== AVAILABLE DATA ==
----------

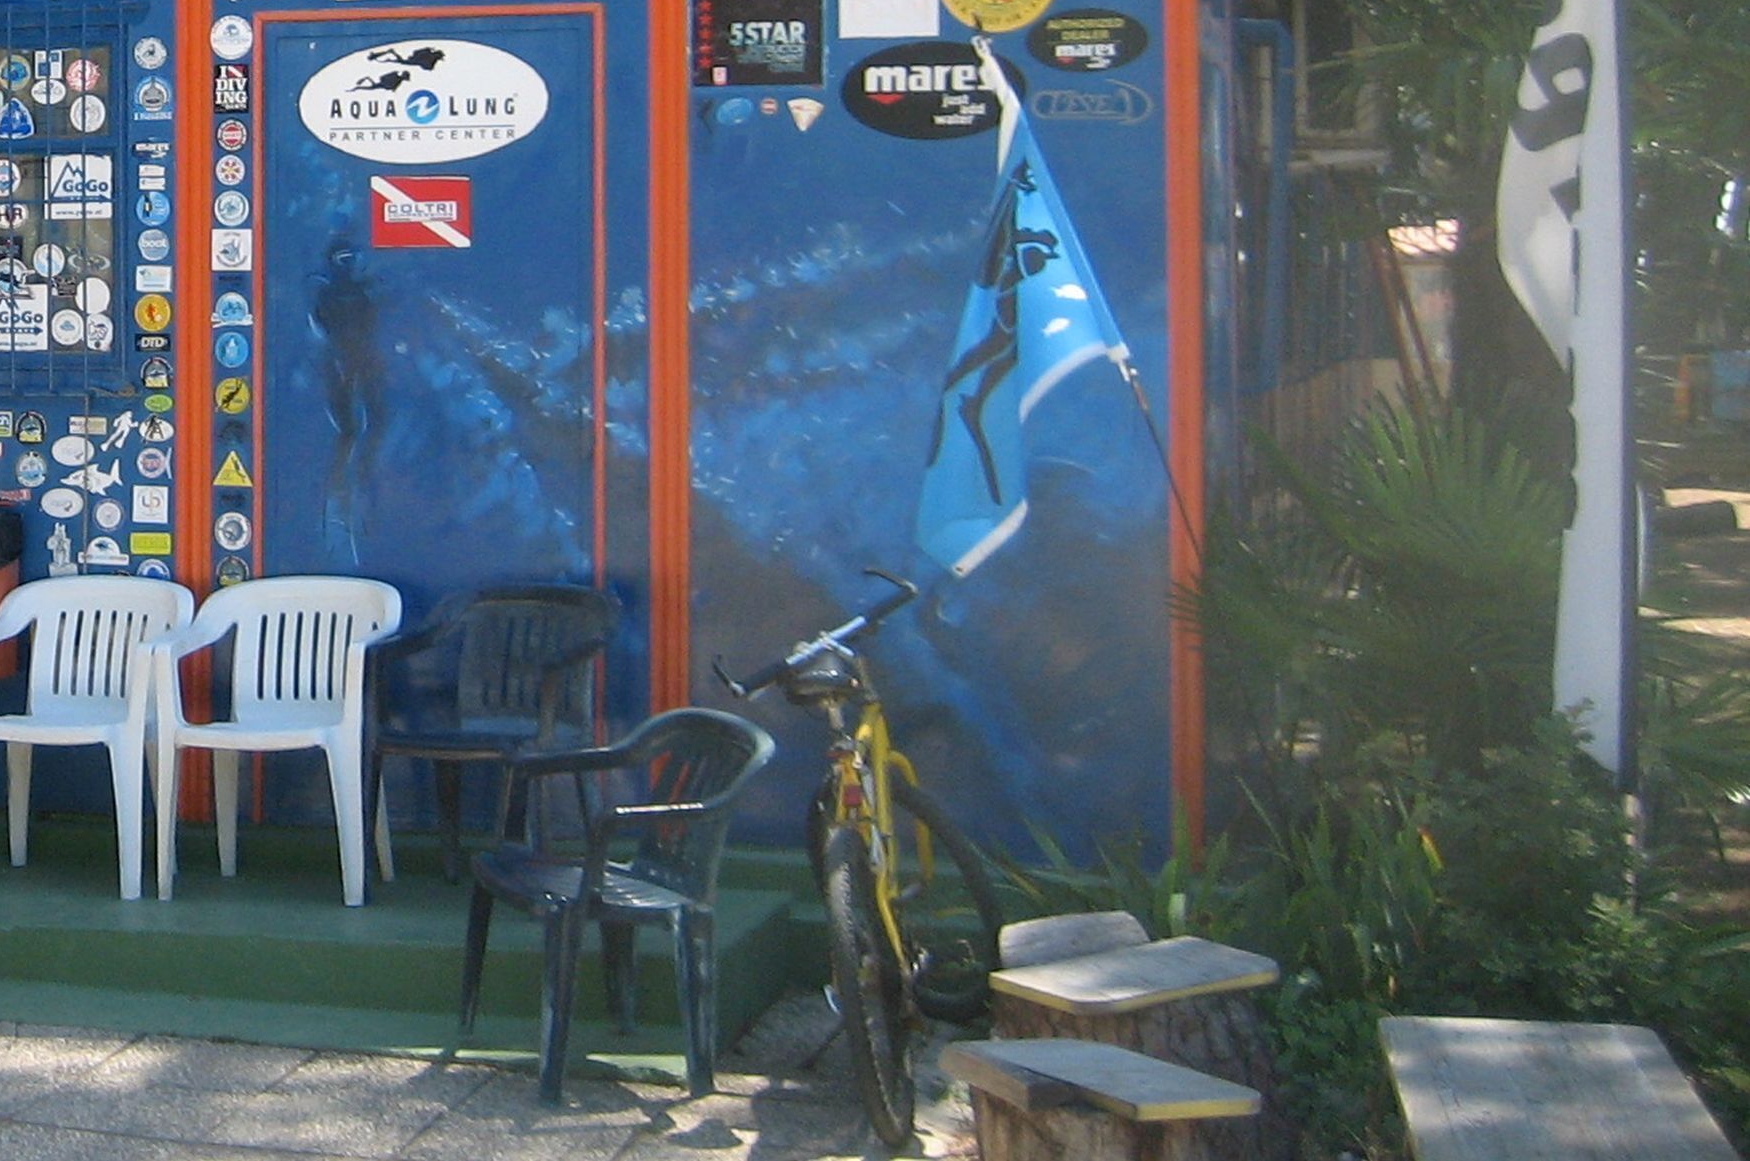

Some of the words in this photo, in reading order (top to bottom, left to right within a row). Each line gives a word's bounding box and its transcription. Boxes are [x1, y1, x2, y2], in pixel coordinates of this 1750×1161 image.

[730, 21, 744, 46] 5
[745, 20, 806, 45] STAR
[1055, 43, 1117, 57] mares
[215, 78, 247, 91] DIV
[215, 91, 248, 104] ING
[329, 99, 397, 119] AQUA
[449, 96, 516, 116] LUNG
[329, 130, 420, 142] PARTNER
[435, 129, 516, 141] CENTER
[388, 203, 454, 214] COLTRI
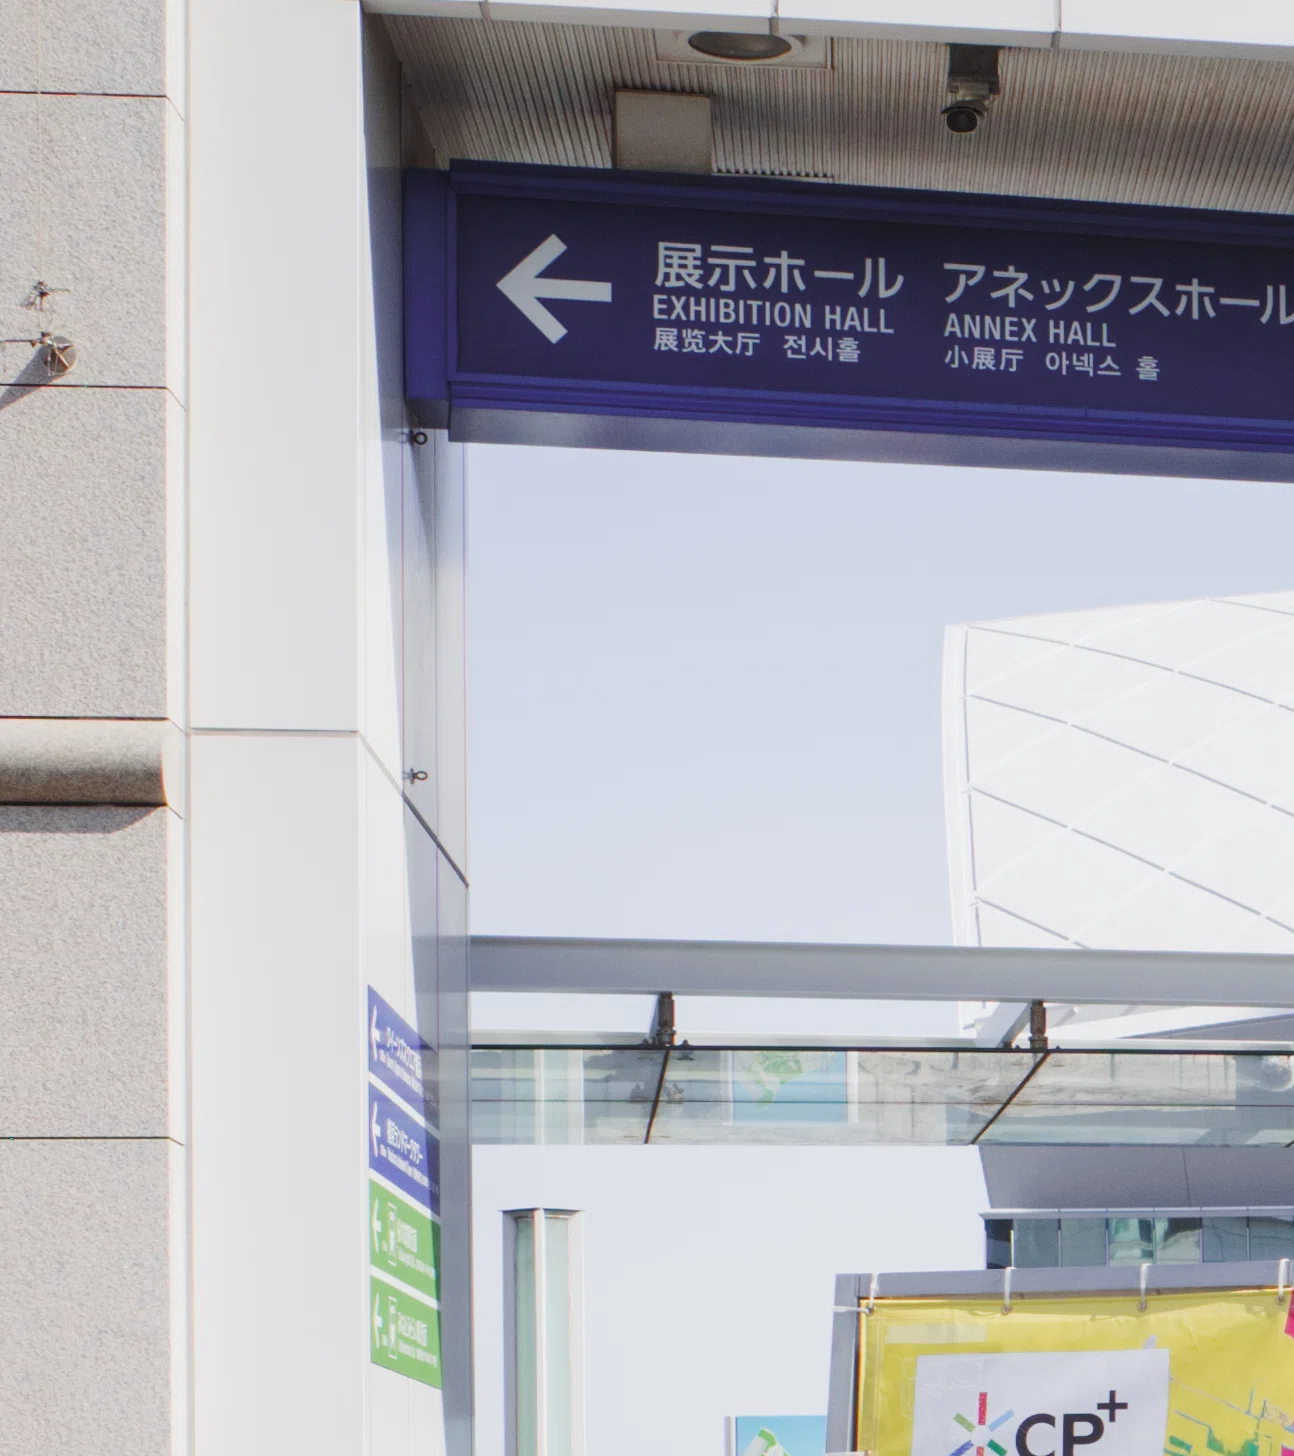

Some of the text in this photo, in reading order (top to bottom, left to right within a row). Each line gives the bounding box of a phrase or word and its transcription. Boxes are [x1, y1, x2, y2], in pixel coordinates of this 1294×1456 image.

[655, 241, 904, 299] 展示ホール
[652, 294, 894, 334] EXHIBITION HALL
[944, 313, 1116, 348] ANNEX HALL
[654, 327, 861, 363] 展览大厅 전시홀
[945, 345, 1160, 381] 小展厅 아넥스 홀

----------

== DESCRIPTION OF THE TASK ==
Your answer must be an exact copy of the records above, with no pictures included.

== SOLUTION ==
Some of the words in this photo, in reading order (top to bottom, left to right within a row). Each line gives a word's bounding box and its transcription. Boxes are [x1, y1, x2, y2], in pixel coordinates of this 1750×1161 image.

[730, 21, 744, 46] 5
[745, 20, 806, 45] STAR
[1055, 43, 1117, 57] mares
[215, 78, 247, 91] DIV
[215, 91, 248, 104] ING
[329, 99, 397, 119] AQUA
[449, 96, 516, 116] LUNG
[329, 130, 420, 142] PARTNER
[435, 129, 516, 141] CENTER
[388, 203, 454, 214] COLTRI

Some of the text in this photo, in reading order (top to bottom, left to right within a row). Each line gives the bounding box of a phrase or word and its transcription. Boxes are [x1, y1, x2, y2], in pixel coordinates of this 1294×1456 image.

[655, 241, 904, 299] 展示ホール
[652, 294, 894, 334] EXHIBITION HALL
[944, 313, 1116, 348] ANNEX HALL
[654, 327, 861, 363] 展览大厅 전시홀
[945, 345, 1160, 381] 小展厅 아넥스 홀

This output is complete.